Fish Are Now More Relaxed, All Thanks to Anti-Depressants Flushed into Water

The fish are changing their behavior, display less fear and more recklessness

  Anti-depressants in water make fish change their behavior
A study recently made available to the general public in the journal Science maintains that, as several investigations have shown, the anti-depressants and anti-anxiety drugs various people use on a regular basis ultimately impact on aquatic wildlife and especially on fish.

A study recently made available to the general public in the journal Science maintains that, as several investigations have shown, the anti-depressants and anti-anxiety drugs various people use on a regular basis ultimately impact on aquatic wildlife and especially on fish.

More precisely, these drugs make their way into our world's waterways and, once fish become exposed to them, they tend to change their behavior.

The researchers who took the time to investigate this issue explain that, by the looks of it, drugs such as Valium, Xanax and other similar ones more often than not compel fish into displaying less fear and more recklessness, even if the concentrations the fish are exposed to might appear insignificant.

Furthermore, fish whose bodies absorb such anti-depressants and anti-anxiety drugs are likely to feed a tad faster than others and prefer being alone to swimming together with the rest of their shoal.

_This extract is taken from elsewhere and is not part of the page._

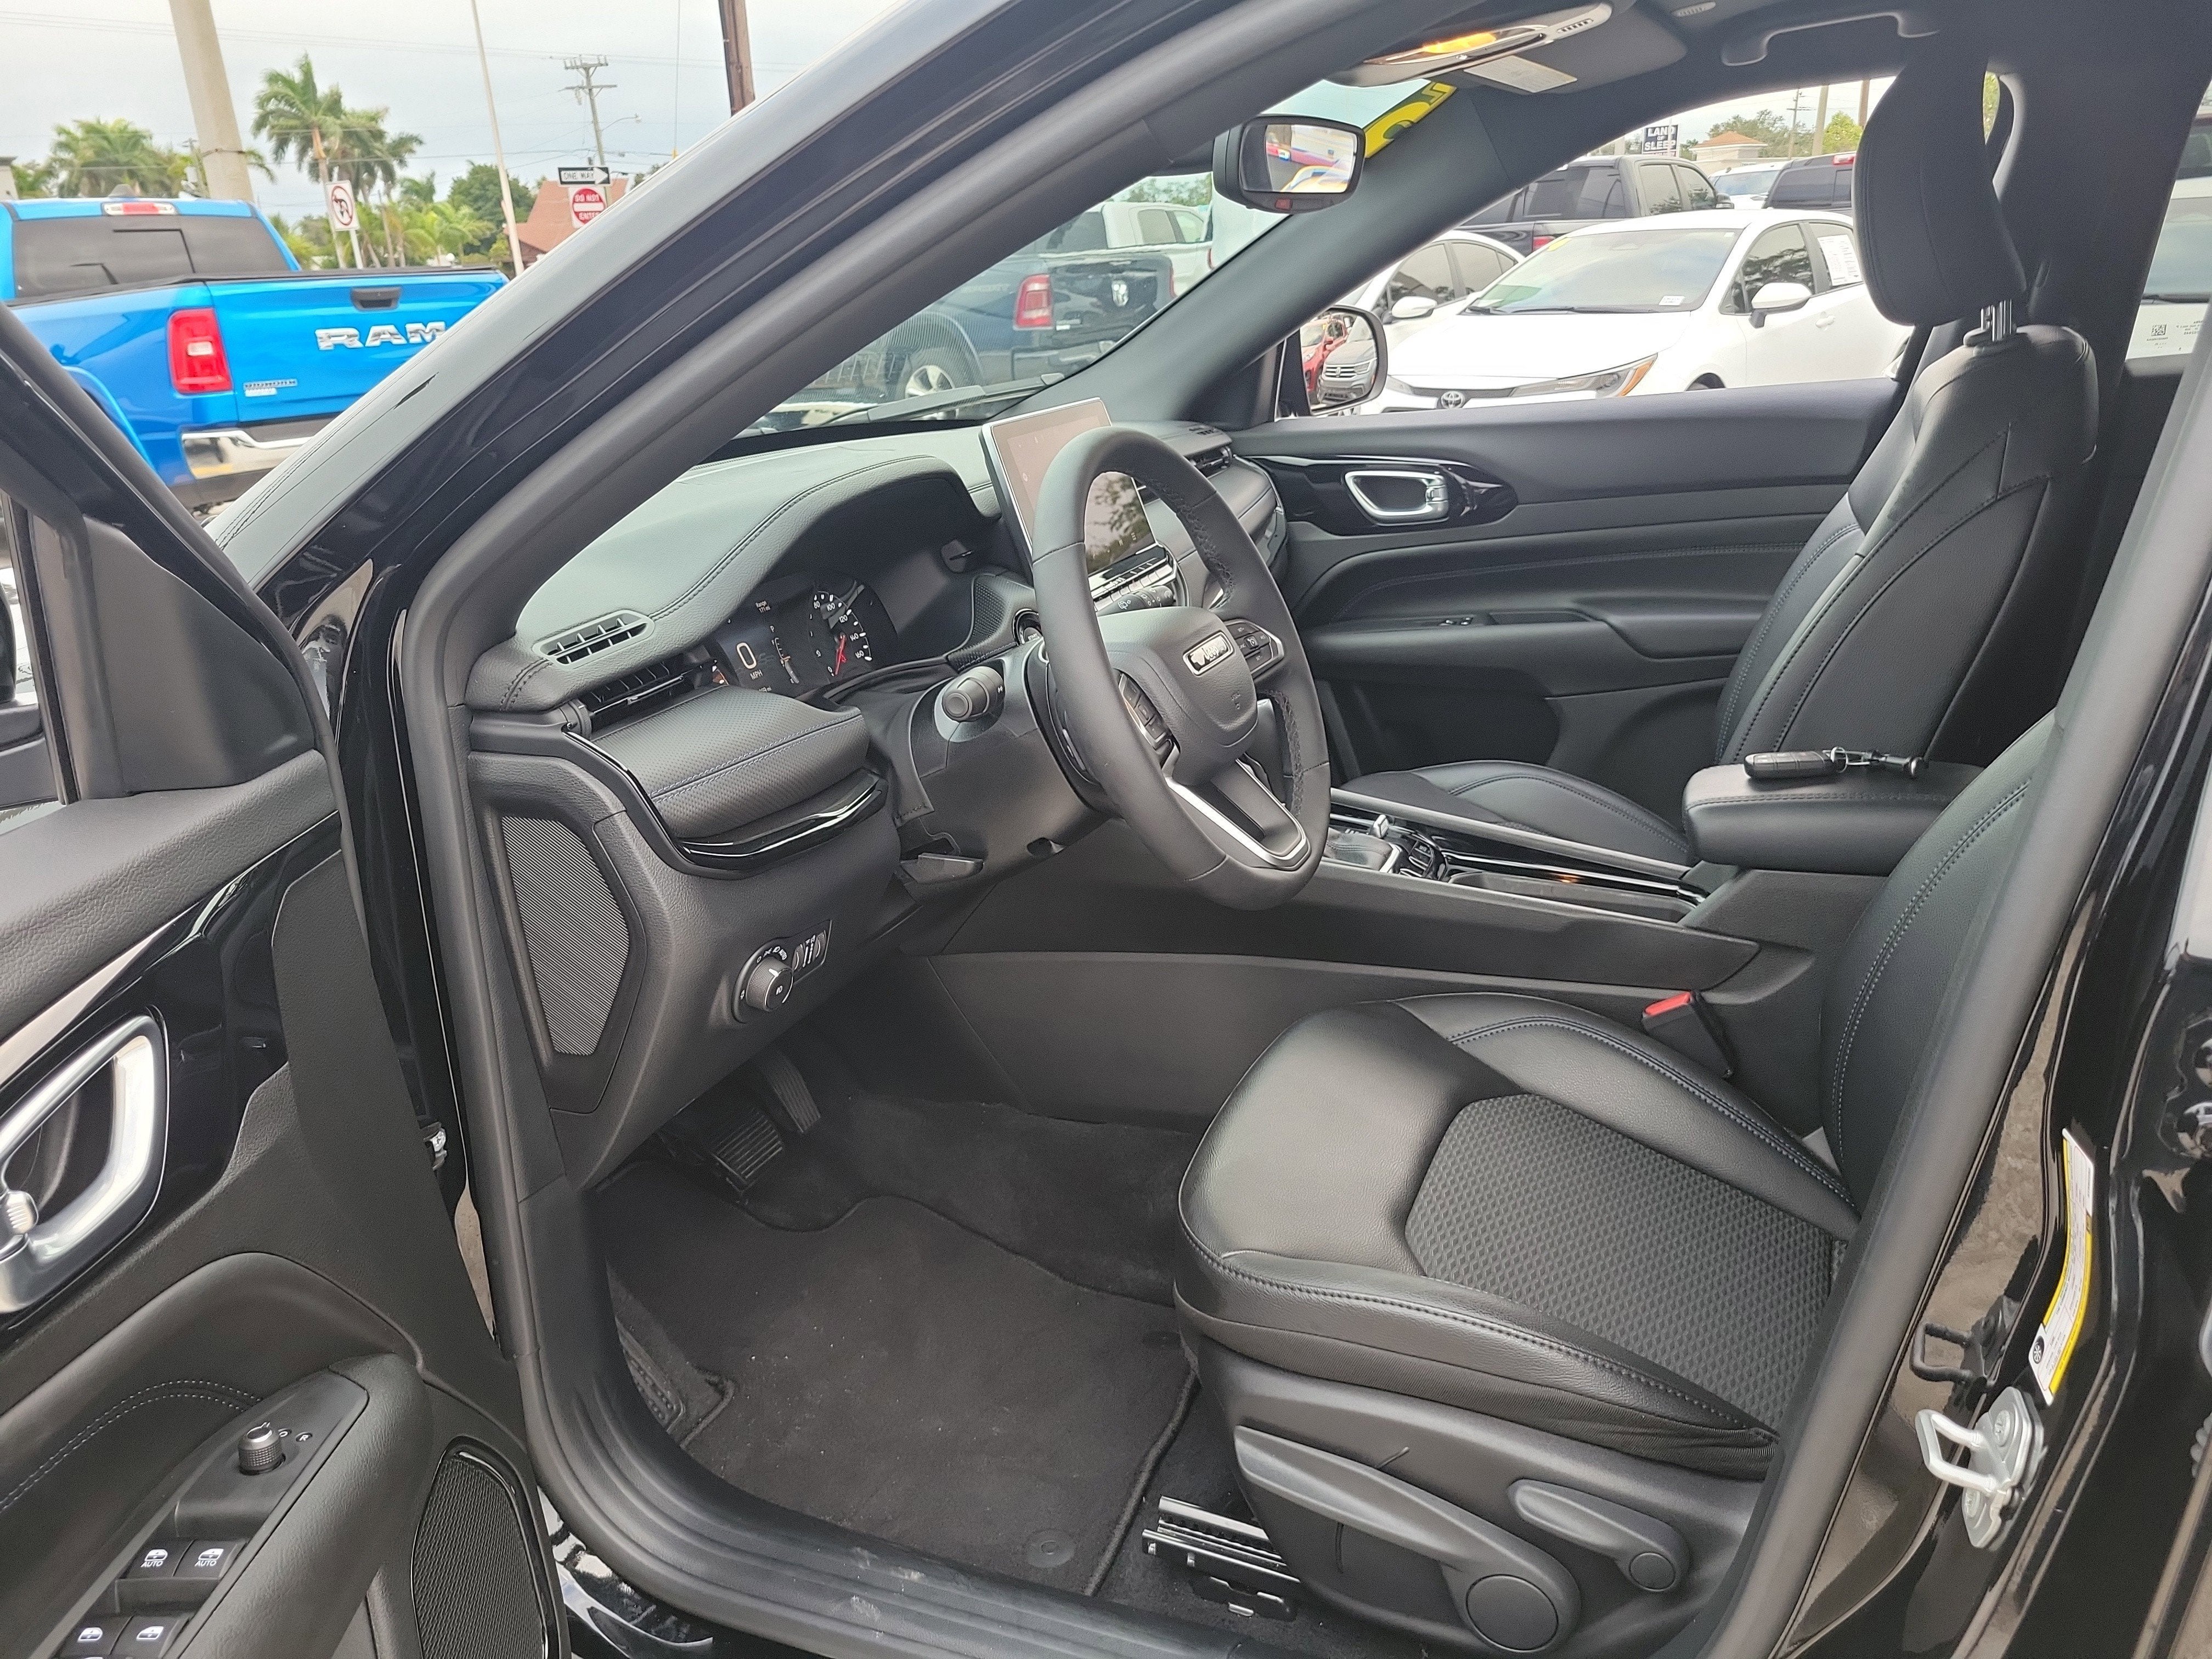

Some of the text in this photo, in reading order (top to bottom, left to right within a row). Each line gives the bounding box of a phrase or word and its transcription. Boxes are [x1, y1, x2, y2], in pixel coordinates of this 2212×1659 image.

“This [swimming together] is a known strategy for survival and growth. But those who swim in oxazepam [a chemical compound used to treat anxiety] become considerably bolder,” explained study leader Dr Tomas Brodin, from Umea University in Sweden.

“They become more active, they become asocial and they become risk-taking,” this researcher went on to add.

Interestingly enough, it is believed that, because of these drug-induced changes in their behavior, fish are more prone to being eaten by predators, Scientific American reports.

This is because their being relaxed all the time makes it impossible for them to properly keep tabs on what is happening in their surrounding environment.

Researchers explain that this could eventually lead to environment imbalances, meaning that the fish population could witness a considerable decline.

Commenting on these findings, Dr. Jerker Fick, a chemist currently working with the Umea University in Sweden, made a case of how, “The solution to the problem is not to stop medicating ill people but to try to develop sewage treatment plants that can capture environmentally hazardous drugs.”